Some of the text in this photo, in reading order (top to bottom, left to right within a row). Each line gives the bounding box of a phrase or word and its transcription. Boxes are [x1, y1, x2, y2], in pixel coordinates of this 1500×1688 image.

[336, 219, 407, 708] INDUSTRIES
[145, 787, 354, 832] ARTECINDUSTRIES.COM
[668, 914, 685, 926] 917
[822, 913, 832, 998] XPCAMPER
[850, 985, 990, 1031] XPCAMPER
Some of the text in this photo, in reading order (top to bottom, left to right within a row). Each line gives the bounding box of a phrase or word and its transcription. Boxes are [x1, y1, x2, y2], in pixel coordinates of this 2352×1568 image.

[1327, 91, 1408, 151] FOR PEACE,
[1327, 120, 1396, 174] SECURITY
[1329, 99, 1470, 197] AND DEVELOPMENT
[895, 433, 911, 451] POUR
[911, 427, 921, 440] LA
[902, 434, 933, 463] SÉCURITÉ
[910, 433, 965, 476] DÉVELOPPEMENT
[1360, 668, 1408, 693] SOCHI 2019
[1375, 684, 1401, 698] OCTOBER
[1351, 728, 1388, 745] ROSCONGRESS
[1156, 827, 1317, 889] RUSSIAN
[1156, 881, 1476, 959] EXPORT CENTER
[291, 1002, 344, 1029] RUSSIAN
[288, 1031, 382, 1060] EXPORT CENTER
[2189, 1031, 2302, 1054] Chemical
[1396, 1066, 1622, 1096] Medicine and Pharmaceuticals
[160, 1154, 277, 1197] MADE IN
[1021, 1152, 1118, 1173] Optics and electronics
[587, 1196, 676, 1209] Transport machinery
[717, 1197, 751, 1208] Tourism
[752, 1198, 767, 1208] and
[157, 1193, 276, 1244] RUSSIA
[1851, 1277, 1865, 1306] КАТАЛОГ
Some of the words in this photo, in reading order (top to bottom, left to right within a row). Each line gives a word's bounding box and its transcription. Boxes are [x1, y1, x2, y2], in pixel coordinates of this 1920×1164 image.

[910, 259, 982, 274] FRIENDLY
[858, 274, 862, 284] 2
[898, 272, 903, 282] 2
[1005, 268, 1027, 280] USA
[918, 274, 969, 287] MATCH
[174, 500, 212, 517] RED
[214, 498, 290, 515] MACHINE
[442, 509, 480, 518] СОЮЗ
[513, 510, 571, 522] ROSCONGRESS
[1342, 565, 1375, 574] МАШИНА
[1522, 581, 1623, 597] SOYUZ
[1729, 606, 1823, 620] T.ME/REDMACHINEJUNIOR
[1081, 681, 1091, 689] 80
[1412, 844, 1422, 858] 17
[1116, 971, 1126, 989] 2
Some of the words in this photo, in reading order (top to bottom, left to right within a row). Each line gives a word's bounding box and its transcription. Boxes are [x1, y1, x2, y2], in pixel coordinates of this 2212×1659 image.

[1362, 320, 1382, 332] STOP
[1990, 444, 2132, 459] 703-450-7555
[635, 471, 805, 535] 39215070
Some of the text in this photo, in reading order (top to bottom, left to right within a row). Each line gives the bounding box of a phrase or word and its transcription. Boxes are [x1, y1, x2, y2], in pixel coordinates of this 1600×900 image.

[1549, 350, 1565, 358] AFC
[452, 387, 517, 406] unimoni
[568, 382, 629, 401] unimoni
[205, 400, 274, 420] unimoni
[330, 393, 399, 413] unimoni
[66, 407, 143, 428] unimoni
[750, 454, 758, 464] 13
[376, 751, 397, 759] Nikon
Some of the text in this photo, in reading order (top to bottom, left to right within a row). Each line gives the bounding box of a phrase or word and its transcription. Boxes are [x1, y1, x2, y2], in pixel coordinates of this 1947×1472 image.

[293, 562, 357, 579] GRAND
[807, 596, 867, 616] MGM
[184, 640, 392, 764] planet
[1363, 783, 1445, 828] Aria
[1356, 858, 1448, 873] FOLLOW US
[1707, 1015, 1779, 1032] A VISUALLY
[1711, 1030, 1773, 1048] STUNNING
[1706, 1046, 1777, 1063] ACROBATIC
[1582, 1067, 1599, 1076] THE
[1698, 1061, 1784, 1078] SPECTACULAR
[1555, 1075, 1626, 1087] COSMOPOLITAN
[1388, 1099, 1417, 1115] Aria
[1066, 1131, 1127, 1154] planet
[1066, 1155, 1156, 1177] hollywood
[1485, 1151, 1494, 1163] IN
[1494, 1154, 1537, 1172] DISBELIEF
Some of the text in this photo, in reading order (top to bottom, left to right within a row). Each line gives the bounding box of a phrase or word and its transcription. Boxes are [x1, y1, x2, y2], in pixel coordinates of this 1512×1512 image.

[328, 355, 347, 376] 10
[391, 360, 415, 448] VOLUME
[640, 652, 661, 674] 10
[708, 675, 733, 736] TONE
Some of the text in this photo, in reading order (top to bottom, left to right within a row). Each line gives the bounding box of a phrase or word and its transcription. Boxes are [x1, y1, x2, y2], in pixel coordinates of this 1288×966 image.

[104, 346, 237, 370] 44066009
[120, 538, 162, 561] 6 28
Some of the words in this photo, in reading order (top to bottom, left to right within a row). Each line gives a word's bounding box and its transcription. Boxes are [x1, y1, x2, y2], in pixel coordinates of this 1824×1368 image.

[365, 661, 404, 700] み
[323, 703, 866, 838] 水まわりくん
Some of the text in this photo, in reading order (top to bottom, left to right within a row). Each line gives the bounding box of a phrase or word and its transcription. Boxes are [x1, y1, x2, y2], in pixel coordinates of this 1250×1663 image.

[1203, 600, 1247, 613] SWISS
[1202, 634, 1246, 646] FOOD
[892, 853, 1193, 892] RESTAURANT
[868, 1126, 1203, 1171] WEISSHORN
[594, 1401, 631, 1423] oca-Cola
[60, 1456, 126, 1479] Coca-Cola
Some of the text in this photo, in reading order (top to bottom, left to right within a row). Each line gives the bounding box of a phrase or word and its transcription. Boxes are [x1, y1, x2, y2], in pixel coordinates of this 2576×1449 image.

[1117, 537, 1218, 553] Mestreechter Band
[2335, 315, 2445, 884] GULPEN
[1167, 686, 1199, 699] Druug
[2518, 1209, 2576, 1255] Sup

___

*BRIEF*.
Exactly as given, set down all of the lines above.

*ANSWER TO THIS TASK*.
Some of the text in this photo, in reading order (top to bottom, left to right within a row). Each line gives the bounding box of a phrase or word and its transcription. Boxes are [x1, y1, x2, y2], in pixel coordinates of this 1500×1688 image.

[336, 219, 407, 708] INDUSTRIES
[145, 787, 354, 832] ARTECINDUSTRIES.COM
[668, 914, 685, 926] 917
[822, 913, 832, 998] XPCAMPER
[850, 985, 990, 1031] XPCAMPER
Some of the text in this photo, in reading order (top to bottom, left to right within a row). Each line gives the bounding box of a phrase or word and its transcription. Boxes are [x1, y1, x2, y2], in pixel coordinates of this 2352×1568 image.

[1327, 91, 1408, 151] FOR PEACE,
[1327, 120, 1396, 174] SECURITY
[1329, 99, 1470, 197] AND DEVELOPMENT
[895, 433, 911, 451] POUR
[911, 427, 921, 440] LA
[902, 434, 933, 463] SÉCURITÉ
[910, 433, 965, 476] DÉVELOPPEMENT
[1360, 668, 1408, 693] SOCHI 2019
[1375, 684, 1401, 698] OCTOBER
[1351, 728, 1388, 745] ROSCONGRESS
[1156, 827, 1317, 889] RUSSIAN
[1156, 881, 1476, 959] EXPORT CENTER
[291, 1002, 344, 1029] RUSSIAN
[288, 1031, 382, 1060] EXPORT CENTER
[2189, 1031, 2302, 1054] Chemical
[1396, 1066, 1622, 1096] Medicine and Pharmaceuticals
[160, 1154, 277, 1197] MADE IN
[1021, 1152, 1118, 1173] Optics and electronics
[587, 1196, 676, 1209] Transport machinery
[717, 1197, 751, 1208] Tourism
[752, 1198, 767, 1208] and
[157, 1193, 276, 1244] RUSSIA
[1851, 1277, 1865, 1306] КАТАЛОГ
Some of the words in this photo, in reading order (top to bottom, left to right within a row). Each line gives a word's bounding box and its transcription. Boxes are [x1, y1, x2, y2], in pixel coordinates of this 1920×1164 image.

[910, 259, 982, 274] FRIENDLY
[858, 274, 862, 284] 2
[898, 272, 903, 282] 2
[1005, 268, 1027, 280] USA
[918, 274, 969, 287] MATCH
[174, 500, 212, 517] RED
[214, 498, 290, 515] MACHINE
[442, 509, 480, 518] СОЮЗ
[513, 510, 571, 522] ROSCONGRESS
[1342, 565, 1375, 574] МАШИНА
[1522, 581, 1623, 597] SOYUZ
[1729, 606, 1823, 620] T.ME/REDMACHINEJUNIOR
[1081, 681, 1091, 689] 80
[1412, 844, 1422, 858] 17
[1116, 971, 1126, 989] 2
Some of the words in this photo, in reading order (top to bottom, left to right within a row). Each line gives a word's bounding box and its transcription. Boxes are [x1, y1, x2, y2], in pixel coordinates of this 2212×1659 image.

[1362, 320, 1382, 332] STOP
[1990, 444, 2132, 459] 703-450-7555
[635, 471, 805, 535] 39215070
Some of the text in this photo, in reading order (top to bottom, left to right within a row). Each line gives the bounding box of a phrase or word and its transcription. Boxes are [x1, y1, x2, y2], in pixel coordinates of this 1600×900 image.

[1549, 350, 1565, 358] AFC
[452, 387, 517, 406] unimoni
[568, 382, 629, 401] unimoni
[205, 400, 274, 420] unimoni
[330, 393, 399, 413] unimoni
[66, 407, 143, 428] unimoni
[750, 454, 758, 464] 13
[376, 751, 397, 759] Nikon
Some of the text in this photo, in reading order (top to bottom, left to right within a row). Each line gives the bounding box of a phrase or word and its transcription. Boxes are [x1, y1, x2, y2], in pixel coordinates of this 1947×1472 image.

[293, 562, 357, 579] GRAND
[807, 596, 867, 616] MGM
[184, 640, 392, 764] planet
[1363, 783, 1445, 828] Aria
[1356, 858, 1448, 873] FOLLOW US
[1707, 1015, 1779, 1032] A VISUALLY
[1711, 1030, 1773, 1048] STUNNING
[1706, 1046, 1777, 1063] ACROBATIC
[1582, 1067, 1599, 1076] THE
[1698, 1061, 1784, 1078] SPECTACULAR
[1555, 1075, 1626, 1087] COSMOPOLITAN
[1388, 1099, 1417, 1115] Aria
[1066, 1131, 1127, 1154] planet
[1066, 1155, 1156, 1177] hollywood
[1485, 1151, 1494, 1163] IN
[1494, 1154, 1537, 1172] DISBELIEF
Some of the text in this photo, in reading order (top to bottom, left to right within a row). Each line gives the bounding box of a phrase or word and its transcription. Boxes are [x1, y1, x2, y2], in pixel coordinates of this 1512×1512 image.

[328, 355, 347, 376] 10
[391, 360, 415, 448] VOLUME
[640, 652, 661, 674] 10
[708, 675, 733, 736] TONE
Some of the text in this photo, in reading order (top to bottom, left to right within a row). Each line gives the bounding box of a phrase or word and its transcription. Boxes are [x1, y1, x2, y2], in pixel coordinates of this 1288×966 image.

[104, 346, 237, 370] 44066009
[120, 538, 162, 561] 6 28
Some of the words in this photo, in reading order (top to bottom, left to right within a row). Each line gives a word's bounding box and its transcription. Boxes are [x1, y1, x2, y2], in pixel coordinates of this 1824×1368 image.

[365, 661, 404, 700] み
[323, 703, 866, 838] 水まわりくん
Some of the text in this photo, in reading order (top to bottom, left to right within a row). Each line gives the bounding box of a phrase or word and its transcription. Boxes are [x1, y1, x2, y2], in pixel coordinates of this 1250×1663 image.

[1203, 600, 1247, 613] SWISS
[1202, 634, 1246, 646] FOOD
[892, 853, 1193, 892] RESTAURANT
[868, 1126, 1203, 1171] WEISSHORN
[594, 1401, 631, 1423] oca-Cola
[60, 1456, 126, 1479] Coca-Cola
Some of the text in this photo, in reading order (top to bottom, left to right within a row). Each line gives the bounding box of a phrase or word and its transcription. Boxes are [x1, y1, x2, y2], in pixel coordinates of this 2576×1449 image.

[1117, 537, 1218, 553] Mestreechter Band
[2335, 315, 2445, 884] GULPEN
[1167, 686, 1199, 699] Druug
[2518, 1209, 2576, 1255] Sup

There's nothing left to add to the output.